2.4.2 Structured Sparsity (SS)

Figure 6. How structured sparsity in Ampere works (Source: Ampere whitepaper)

SS is a principled approach to take advantage of sparsity in neural networks. First, recall that almost all commonly used layers in deep learning can be represented as matrix multiplications. Structured sparsity works on neural networks which have been pruned in a specific way, as explained in figure 6.

First, train a network as usual (without sparsity) until an acceptable performance is achieved. We now consider one layer of the trained network. Divide the weight matrix of the layer into small patches of 2×2 (quite like we do for max pooling).
Then for each 2×2 patch of weights, zero out the smallest 2 weights and retain the other 2. This results in a matrix that has exactly half of its elements as zeros.
There will be some loss in accuracy if we use this pruned weight matrix as is, but with a bit more fine-tuning of the network, the non-zero weights can adjust to compensate for the zeroed out entries.
The final result of this process is that the fine-tuned weight matrix has almost the same accuracy as the initial dense matrix but requires only half the number of multiplications.

Ampere Structured Sparsity codifies this property of sparse networks into the hardware. During inference, as shown in the blue box of figure 6, the Ampere hardware just skips multiplications wherever zeros are present. Thus, the layer is accelerated by 2x by skipping half of the matrix entries. A couple of things to note here:

SS can be used with Tensor Cores to achieve a 2x improvement on top of what the 3rd generation tensor cores already offer.
SS is not enabled in any of the deep learning frameworks, but it is exposed to users via TensorRT 8. Let us know in the comments if you would like to write to us about using SS in practice.
Although it can also be used during training, SS is usually recommended for inference. You may notice performance drops if you train a model with SS right from the very beginning.

The Ampere microarchitecture was adapted to consumer graphics cards without any major changes, giving gamers access to some pretty hefty AI compute. In particular, even the gaming focused RTX 3090 outperforms the flagship datacenter V100 GPU from a couple of generations ago for most deep learning workflows. If you are short on budget and don’t need all the enterprise features that are only available in datacenter GPUs like V100, the 3090 or 3090Ti may be a good alternative for a small sized team at a research lab or a startup.

The Ampere A100 has inspired the recently released Jetson AGX Orin. Therefore, the Orin’s GPU is much faster than Xavier’s and Orin also supports structured sparsity.

2.5 Hopper microarchitecture (2022)

We covered the features of Hopper in great detail when it was announced in March 2022, but as of writing, the first product H100 is not yet generally available. Let us take a close look at the Hopper SM.

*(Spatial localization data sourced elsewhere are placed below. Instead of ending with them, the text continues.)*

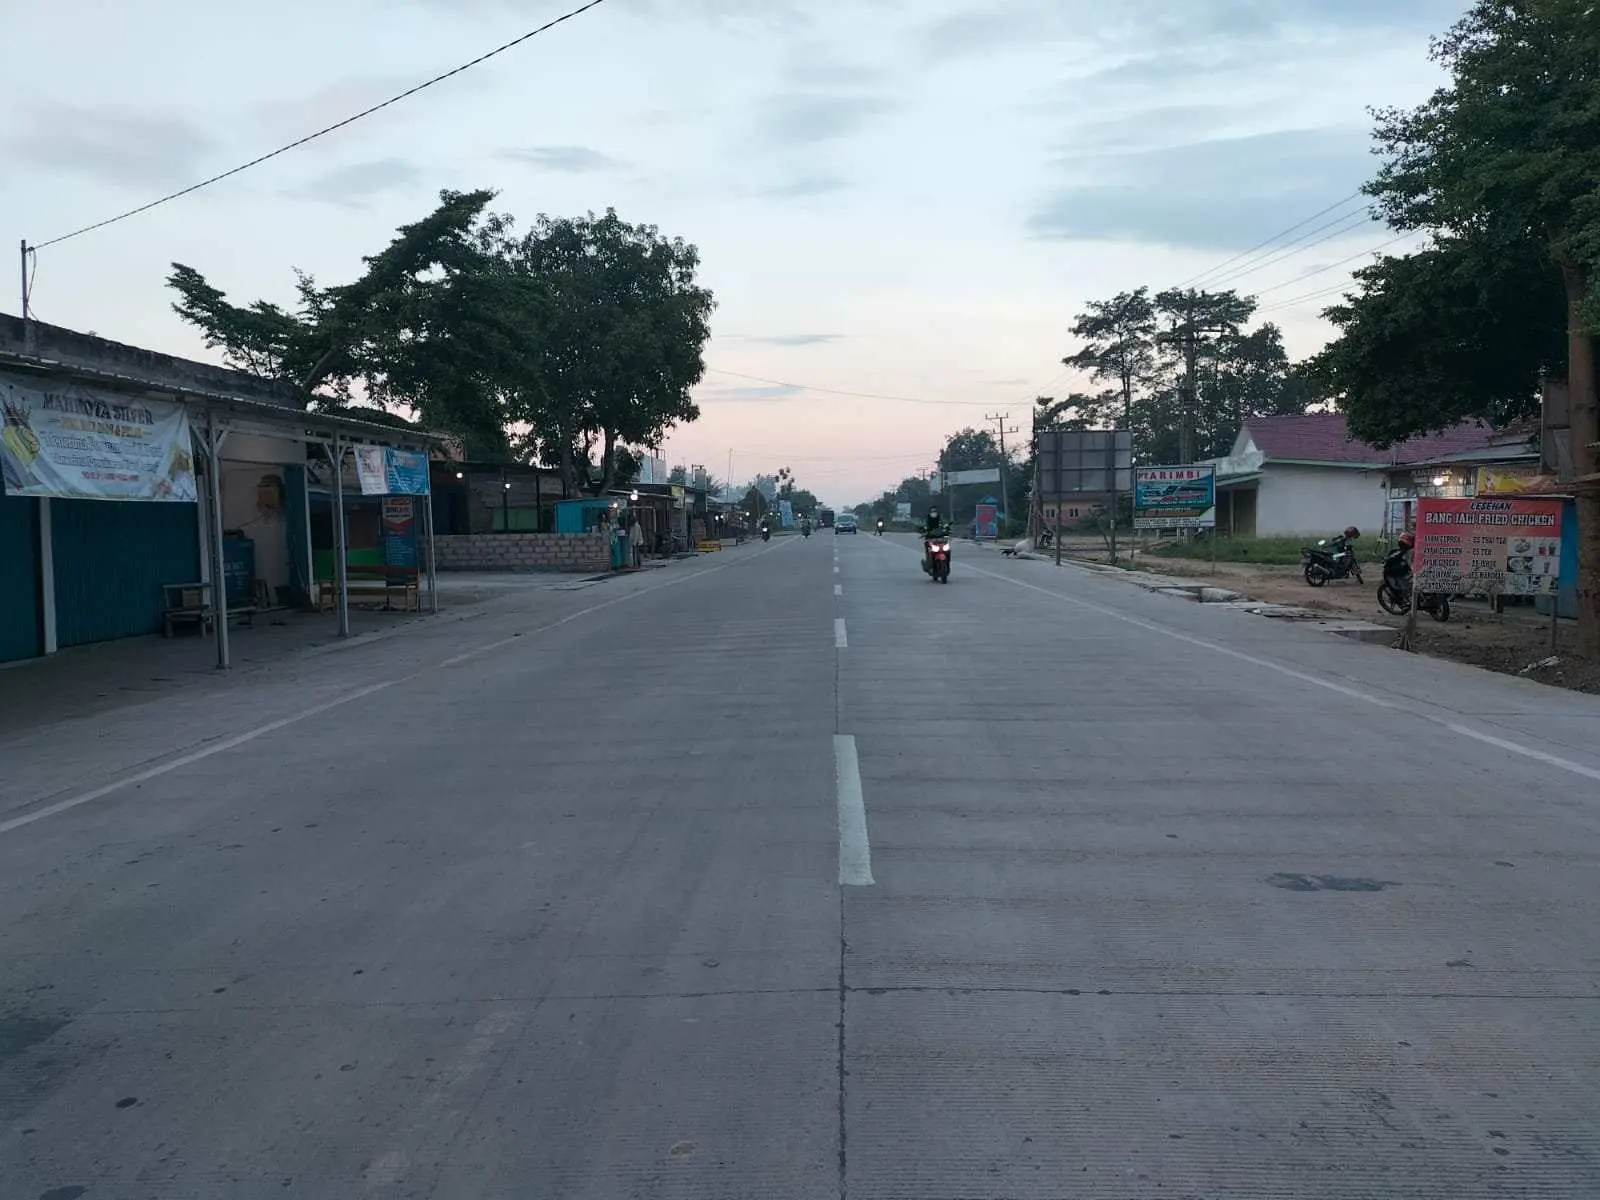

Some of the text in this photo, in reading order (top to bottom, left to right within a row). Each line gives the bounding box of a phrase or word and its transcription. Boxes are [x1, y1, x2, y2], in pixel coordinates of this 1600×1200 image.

[1471, 502, 1512, 511] LESEHAN
[1425, 511, 1452, 524] BANG
[1476, 512, 1508, 525] FRIED
[1511, 513, 1555, 526] CHICKEN
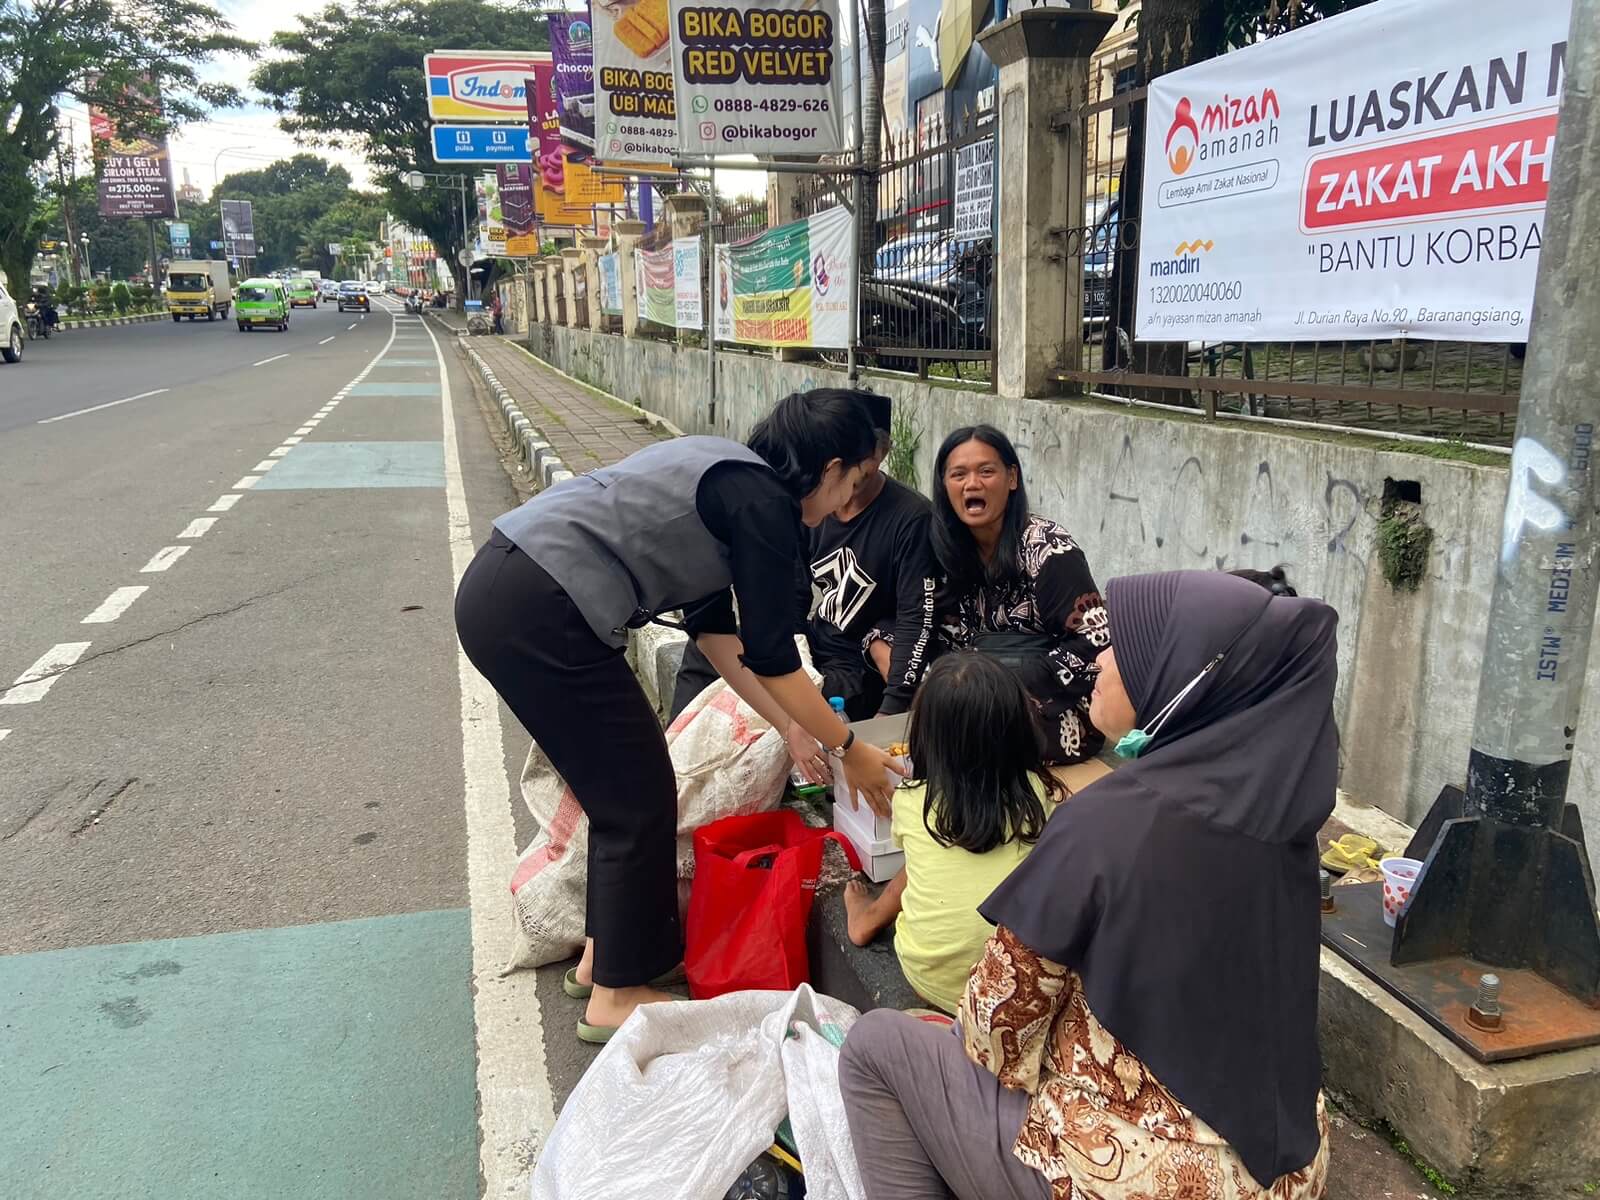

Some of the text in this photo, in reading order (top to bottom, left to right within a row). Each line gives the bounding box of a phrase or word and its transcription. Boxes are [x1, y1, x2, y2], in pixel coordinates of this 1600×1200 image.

[684, 12, 828, 39] BIKA BOGOR
[689, 51, 829, 76] RED VELVET
[604, 70, 640, 88] BIKA
[613, 95, 639, 111] UBI
[714, 99, 829, 112] 0888-4829-626
[1201, 88, 1280, 133] mizan
[1308, 51, 1527, 147] LUASKAN
[722, 124, 817, 142] @bikabogor
[1200, 120, 1278, 160] amanah
[1166, 169, 1269, 200] Lembaga Amil Zakat Nasional
[1316, 136, 1555, 213] ZAKAT AKH
[1426, 222, 1542, 265] KORBA
[1150, 253, 1200, 277] mandiri
[1150, 280, 1242, 304] 1320020040060
[1163, 313, 1194, 328] yayasan
[1196, 311, 1221, 323] mizan
[1224, 307, 1262, 324] amanah
[1308, 311, 1341, 324] Durian
[1343, 309, 1368, 326] Raya
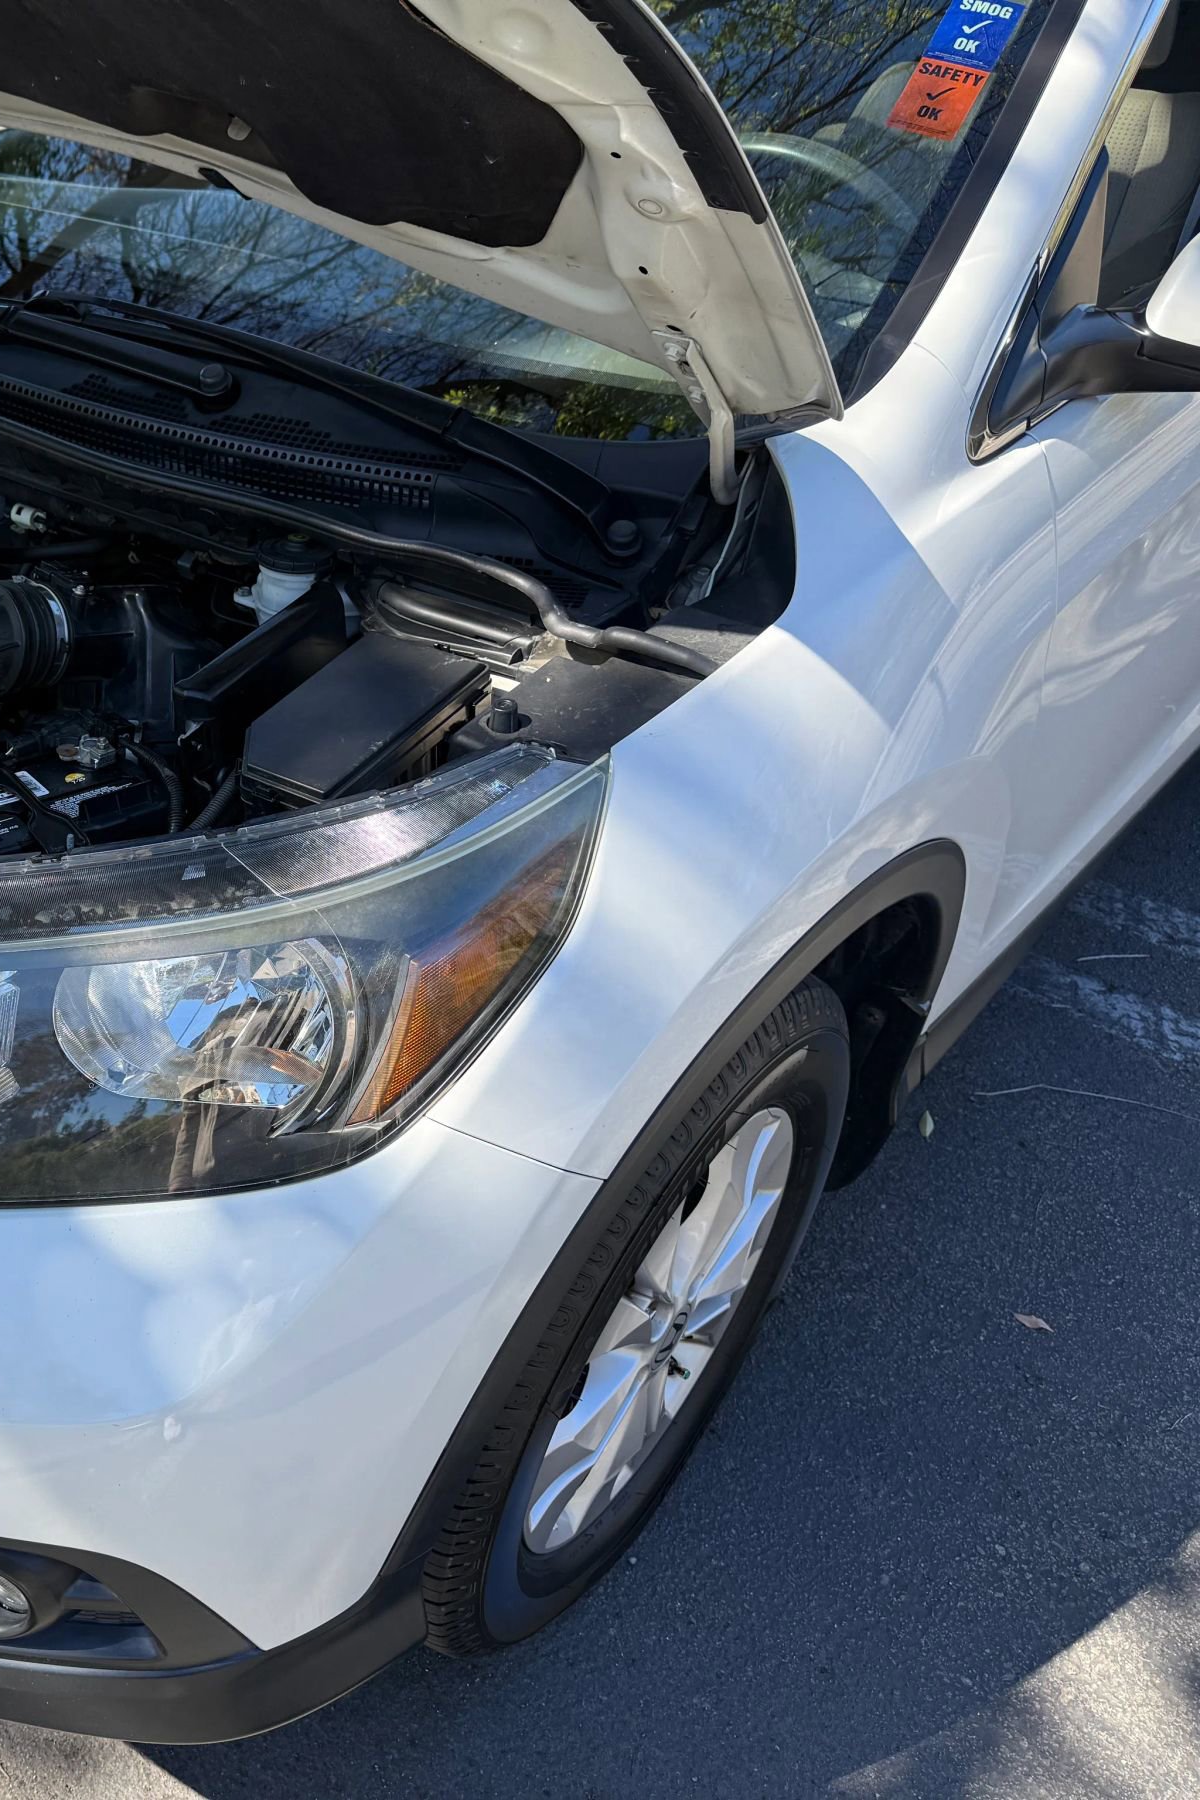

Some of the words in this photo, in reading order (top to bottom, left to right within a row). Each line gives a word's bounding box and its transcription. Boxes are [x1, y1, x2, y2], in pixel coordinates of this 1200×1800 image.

[960, 0, 1013, 19] SMOG
[953, 37, 981, 53] OK
[918, 62, 984, 87] SAFETY
[916, 105, 943, 120] OK
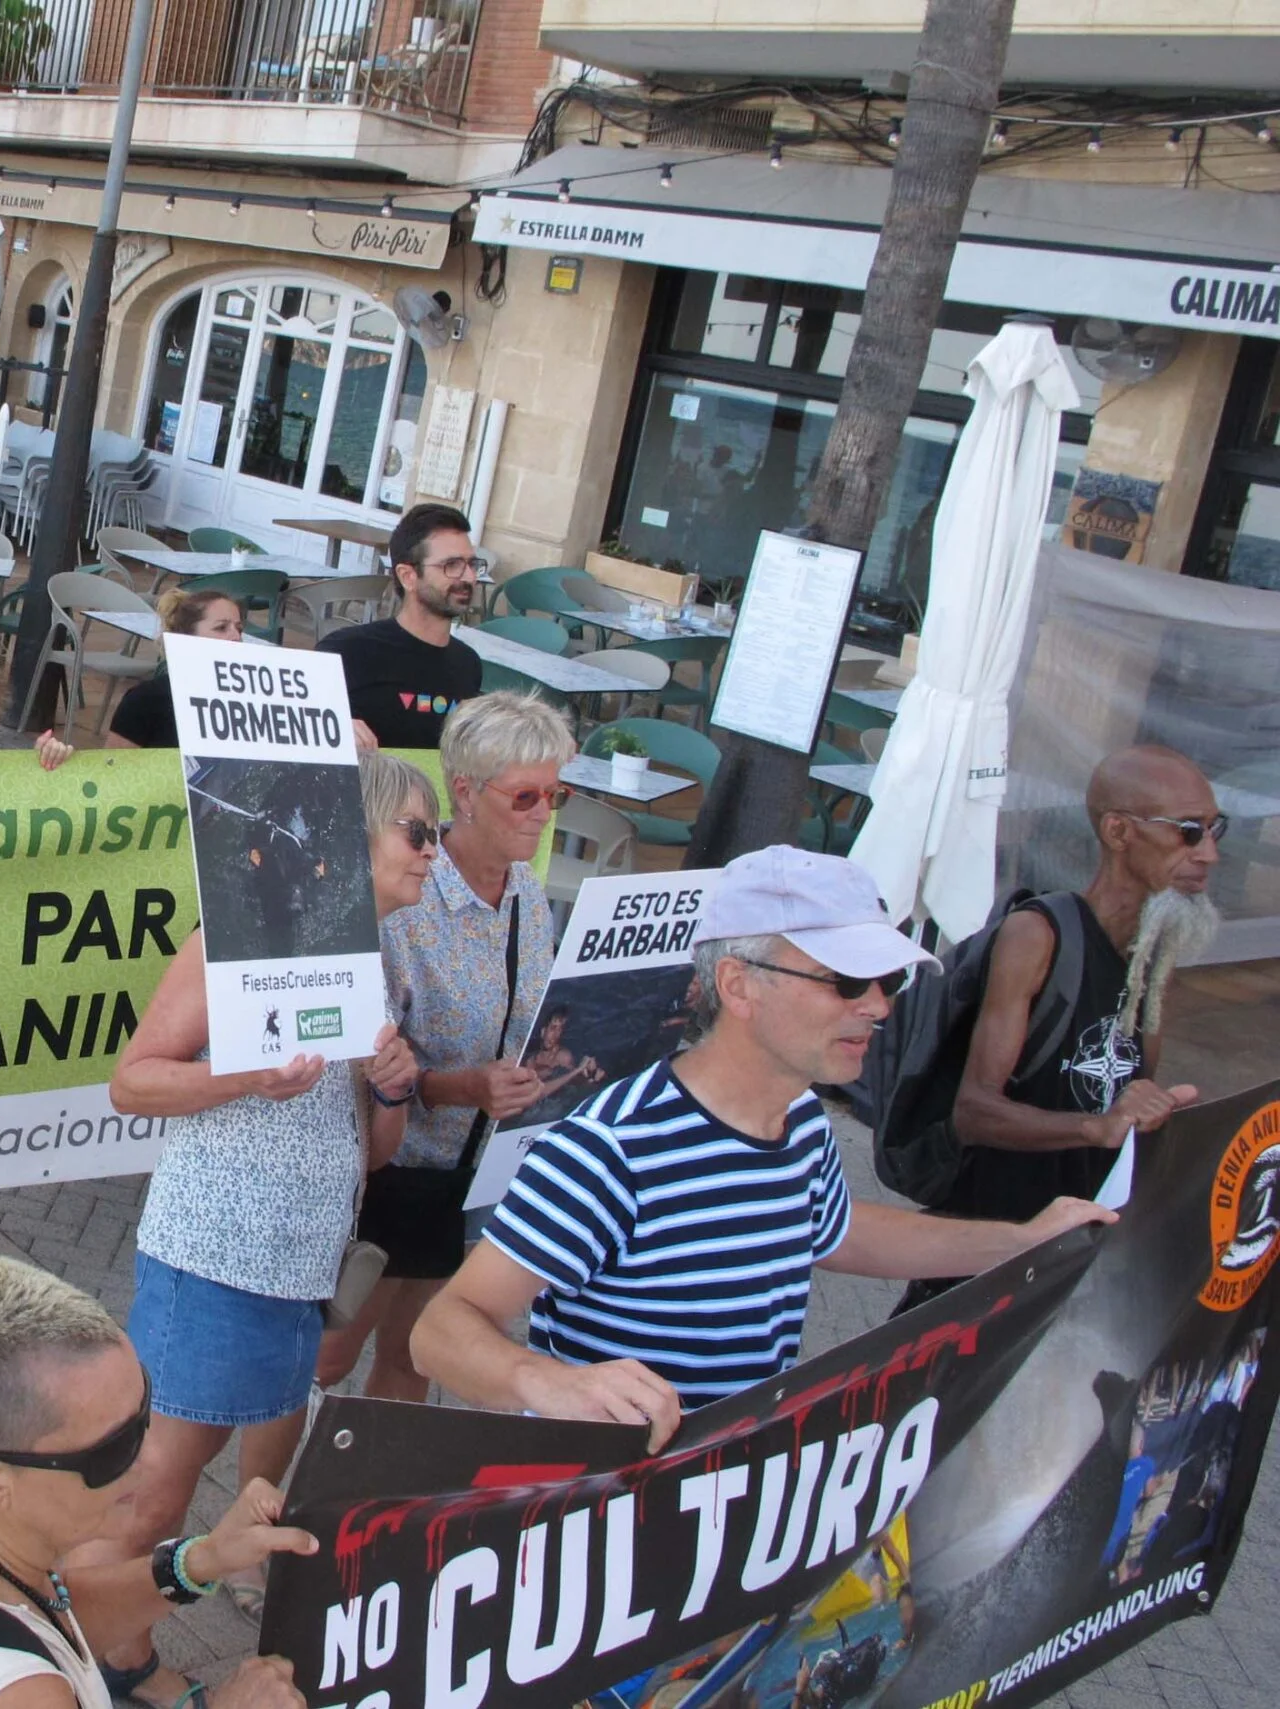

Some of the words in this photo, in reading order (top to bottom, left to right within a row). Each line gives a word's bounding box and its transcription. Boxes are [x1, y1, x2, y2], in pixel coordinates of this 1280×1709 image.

[350, 222, 431, 256] Piri-Piri
[518, 220, 588, 241] ESTRELLA
[590, 227, 644, 248] DAMM
[1171, 276, 1280, 324] CALIMA
[214, 660, 274, 698] ESTO
[279, 667, 309, 700] ES
[189, 697, 342, 749] TORMENTO
[21, 888, 200, 965] PAR
[612, 892, 671, 921] ESTO
[672, 889, 703, 915] ES
[576, 919, 701, 963] BARBARI
[242, 970, 354, 993] FiestasCrueles.org
[424, 1397, 939, 1709] CULTURA
[318, 1581, 400, 1690] NO
[987, 1561, 1206, 1702] TIERMISSHANDLUNG

Figure 7. The full Hopper H100 SM, there are a total of 144 SMs

(Source: Hopper whitepaper)

The SM contains the usual suspects, like the floating point compute units, SFUs and memory controllers, but there are a few new features (not all are visible in the above figure):

2.5.1 Support for FP8 data format

Figure 8. Two variants of 8 bit floating point operations introduced by Hopper.

As shown in figure 12, Hopper introduces two variants of 8 bit floating point precision: 5 exponents with 2 mantissa and 4 exponents with 3 mantissa. These data types are most useful for large language model training, the likes of GPT-3 or PaLM. An advantage of FP8 training is that during inference, there is no need to convert the model to a lower precision and the model trained can be used as is, guaranteeing absolutely no loss in performance.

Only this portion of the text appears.